All of the above steps you will perform over and over again until you and your users are satisfied that the prototype and specification will meet their business need. Frequent meetings with the users are key during this up-front prototyping and specification writing phase of the project. You need to ensure that the user is using the prototype and reviewing the specification and business rules. By constantly refining the prototype and specifications document you ensure that when you start to build the application the coding will meet the business need.

Knowing When to Stop

The usage summaries that you initially developed are your means to provide functional scope. As you continue to prototype, write additional use cases, and write specifications you refer back to the use case summaries to determine if you are out-of-scope. There will be times when the user wishes to add some items, and it is up to you to remind them that what they initially outlined in the summary is not what they are now asking for. By reminding them what is in the usage summaries you will keep the project on track and avoid scope creep. If the user still wishes to add the additional functionality, that is fine, you just need to remind them that the additional features will take extra time and budget.

Database Design

Once you have all of your screens, reports and data migration prototyped you are now ready to start designing your database. The reason the database design is done last is because you now have all of your screens, reports and data migration layed out, which means you have every single data element identified. Each data element can now be normalized into a good database structure.

What’s Next?

After you have developed the usage summaries, the use cases, the prototype, the specification document and the database design, you are now ready to start building the application. You decide on the schedule, the budget for the application who will be the project manager, who will program the application, who will design the test cases, etc. Of course, all this management of the project is another whole topic all together and is worthy of another article.

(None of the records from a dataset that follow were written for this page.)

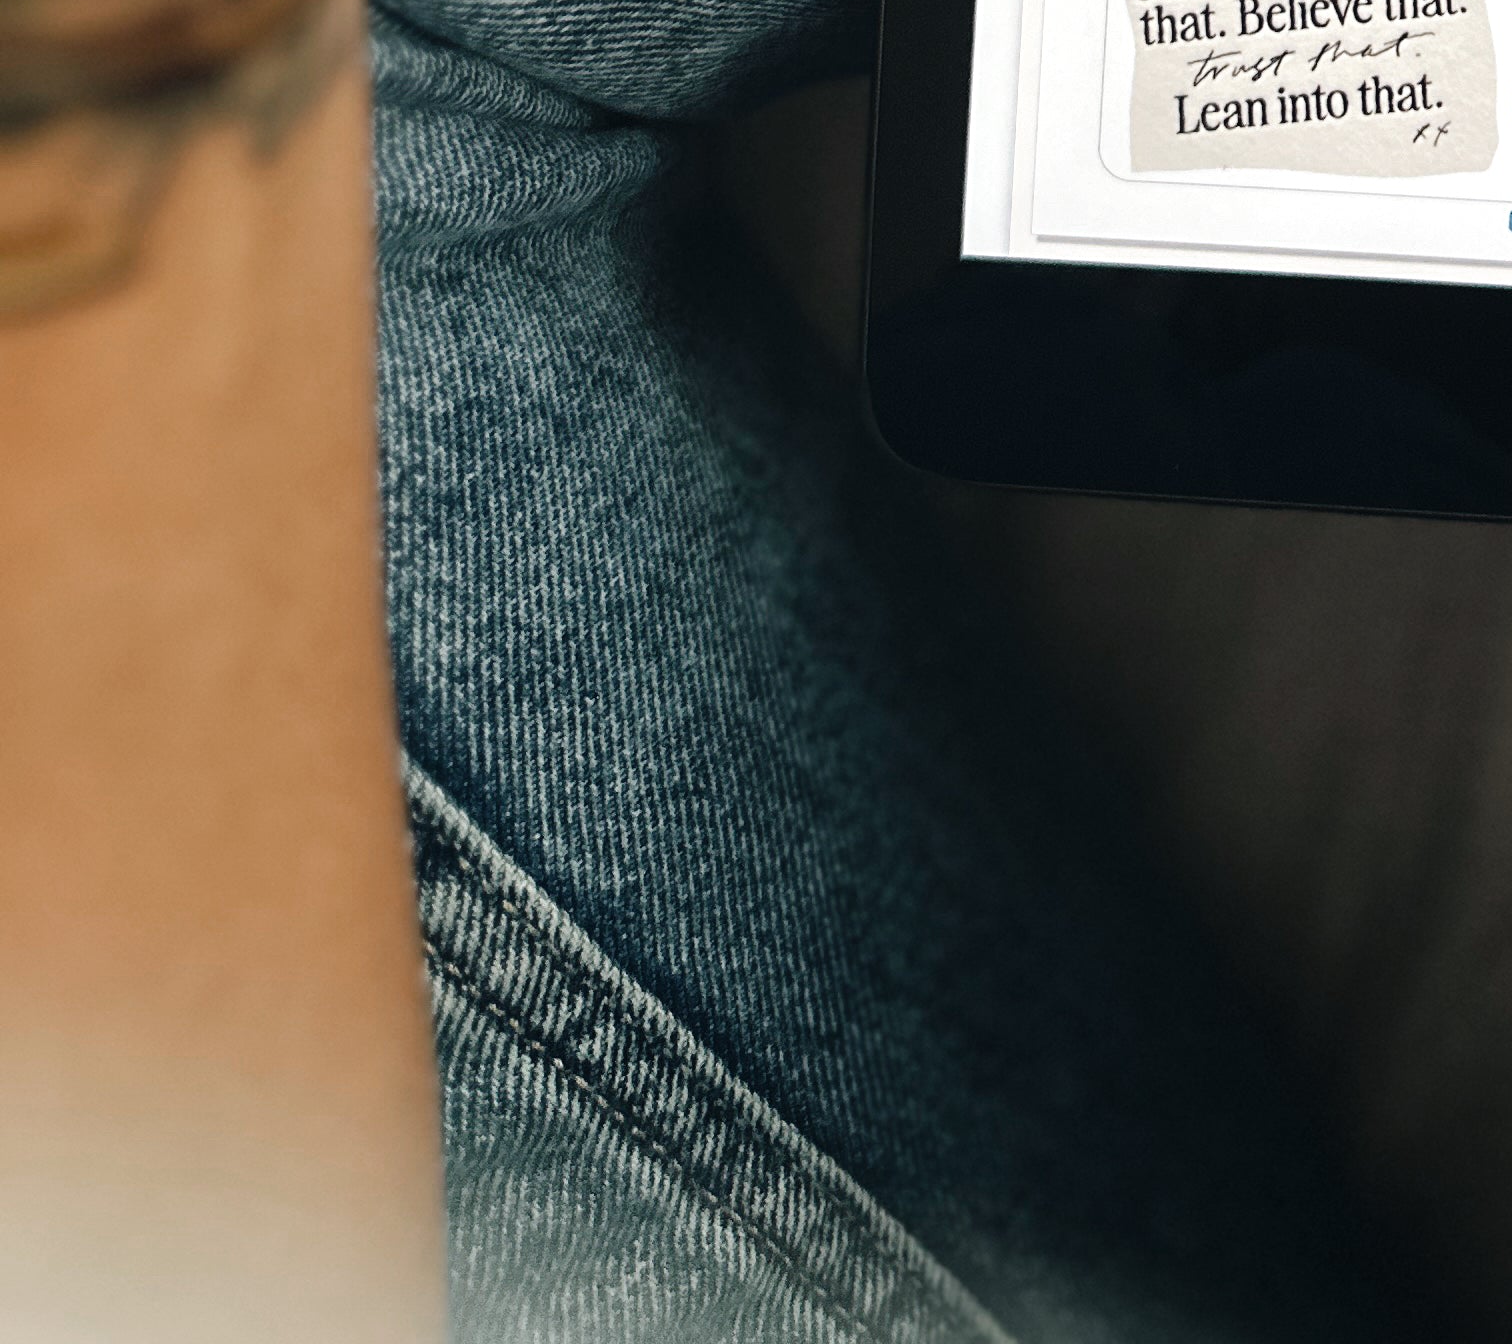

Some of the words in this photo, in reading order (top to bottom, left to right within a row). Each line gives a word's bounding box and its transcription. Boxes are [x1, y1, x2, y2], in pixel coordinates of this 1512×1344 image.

[1140, 6, 1227, 46] that.
[1187, 48, 1297, 87] trust
[1174, 92, 1269, 135] Lean
[1277, 86, 1350, 125] into
[1357, 74, 1444, 114] that.

Having a good software development lifecycle (SDLC) process in place is paramount to delivering software projects on-time and on-budget. Following a process and having template documents in place for usage summaries, use cases, and specification documents will make your job much easier as you develop each project. Use an iterative approach to development that keeps you and the project constantly in front of the user and allows the user to give you feedback often. Defining your application elements up front, prior to coding, will ensure that your software projects are successful.